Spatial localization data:

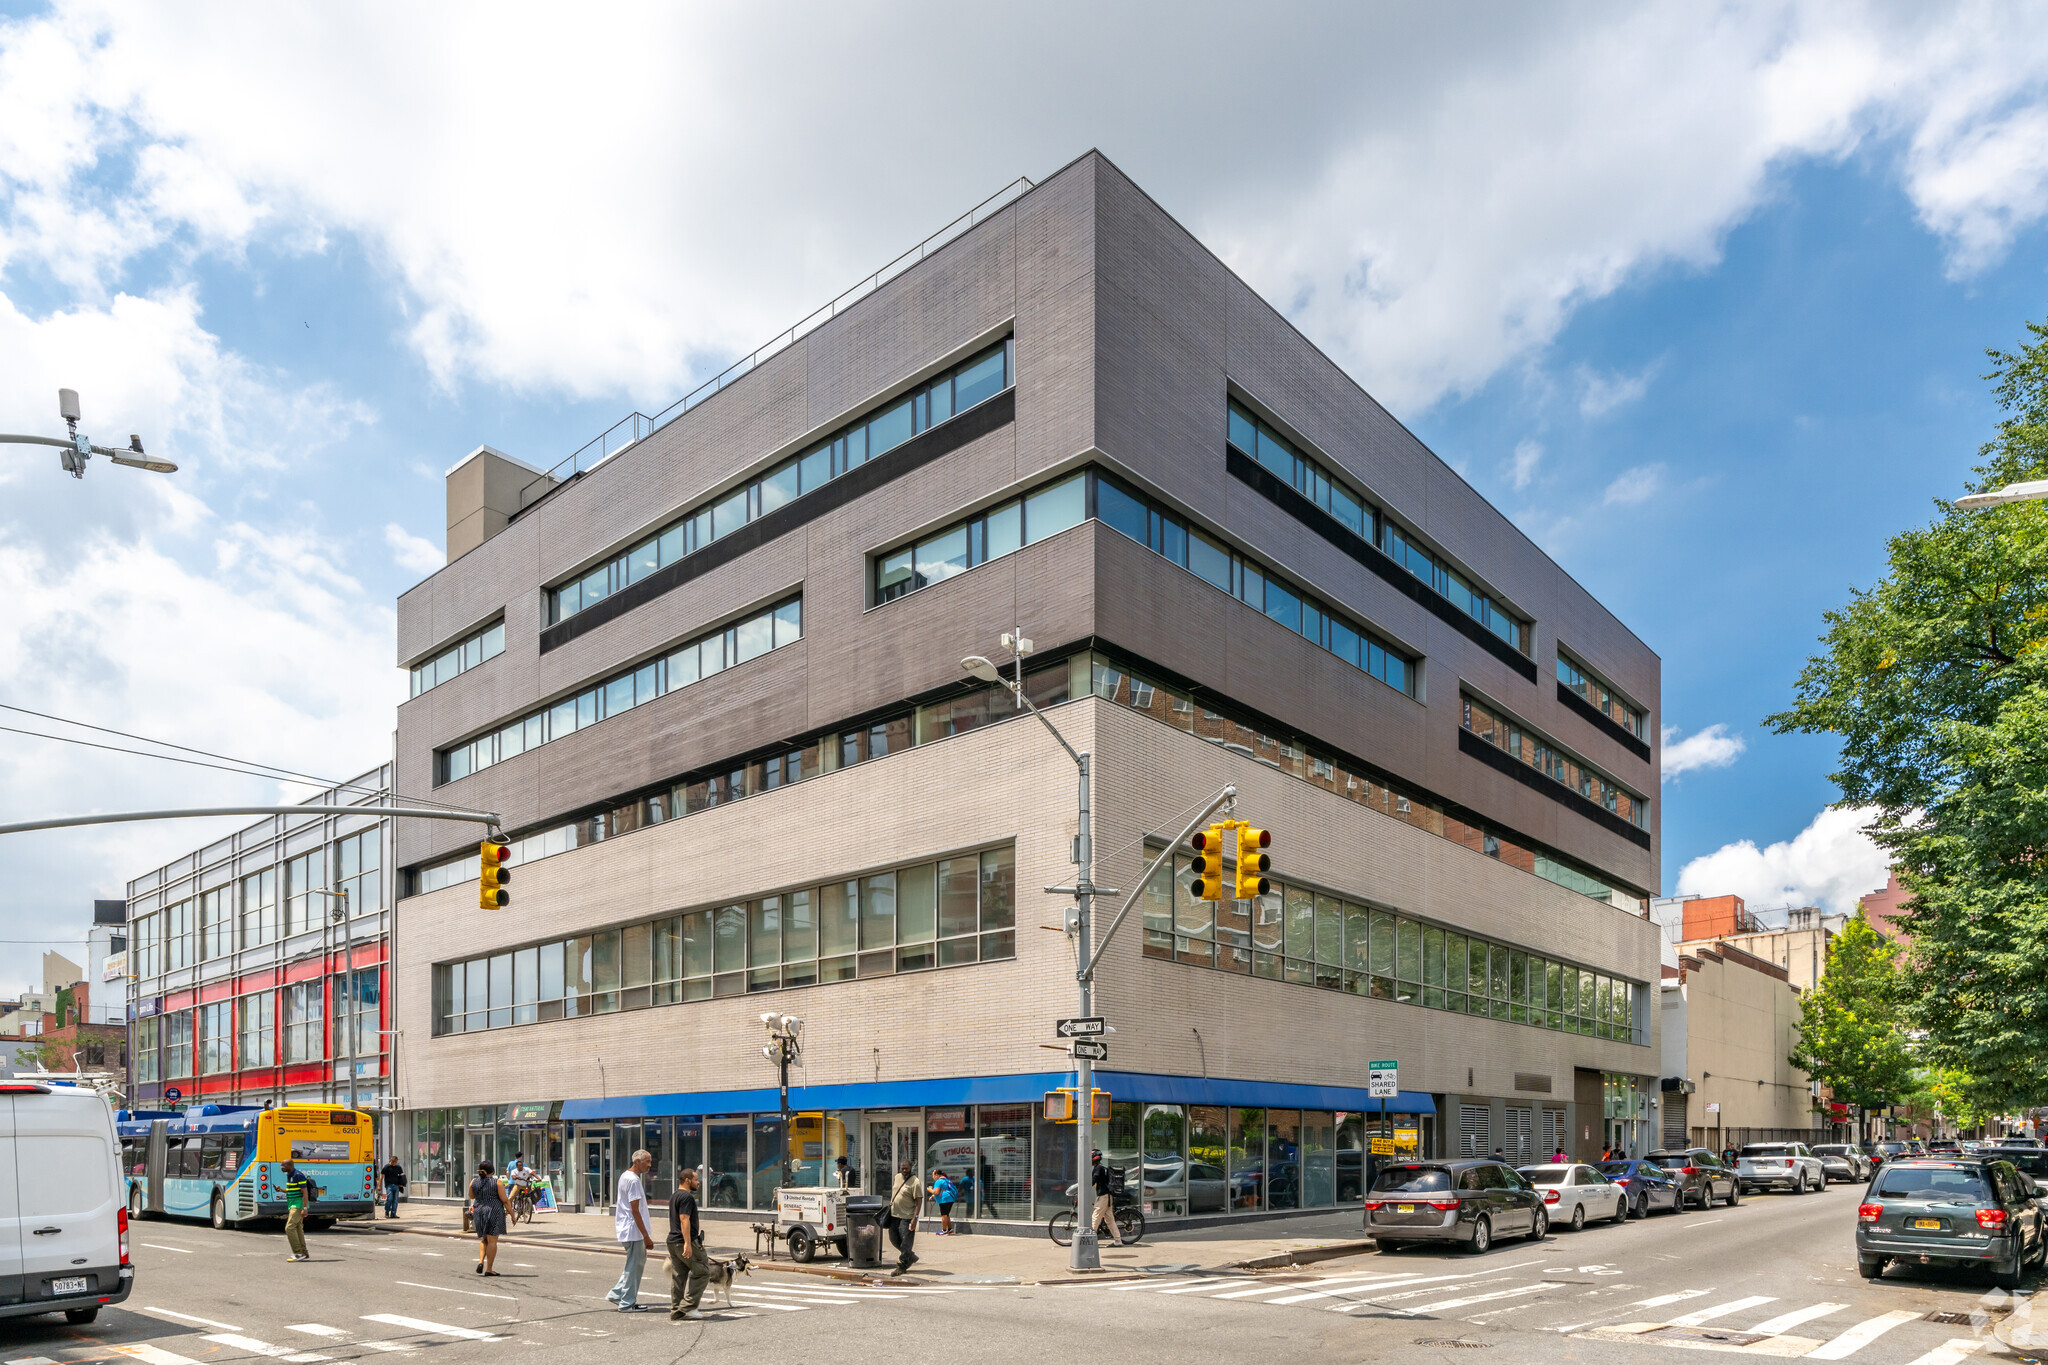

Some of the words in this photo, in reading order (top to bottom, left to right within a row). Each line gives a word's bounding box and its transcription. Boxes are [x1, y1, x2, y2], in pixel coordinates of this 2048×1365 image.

[1063, 1024, 1077, 1032] ONE
[1085, 1022, 1099, 1031] WAY
[1077, 1045, 1087, 1054] ONE
[1092, 1047, 1103, 1055] WAY

__THE PROBLEM__: Using the records above, output an exact copy without any pictures.

__ANSWER FOR THIS EXERCISE__:
Some of the words in this photo, in reading order (top to bottom, left to right within a row). Each line gives a word's bounding box and its transcription. Boxes are [x1, y1, x2, y2], in pixel coordinates of this 2048×1365 image.

[1063, 1024, 1077, 1032] ONE
[1085, 1022, 1099, 1031] WAY
[1077, 1045, 1087, 1054] ONE
[1092, 1047, 1103, 1055] WAY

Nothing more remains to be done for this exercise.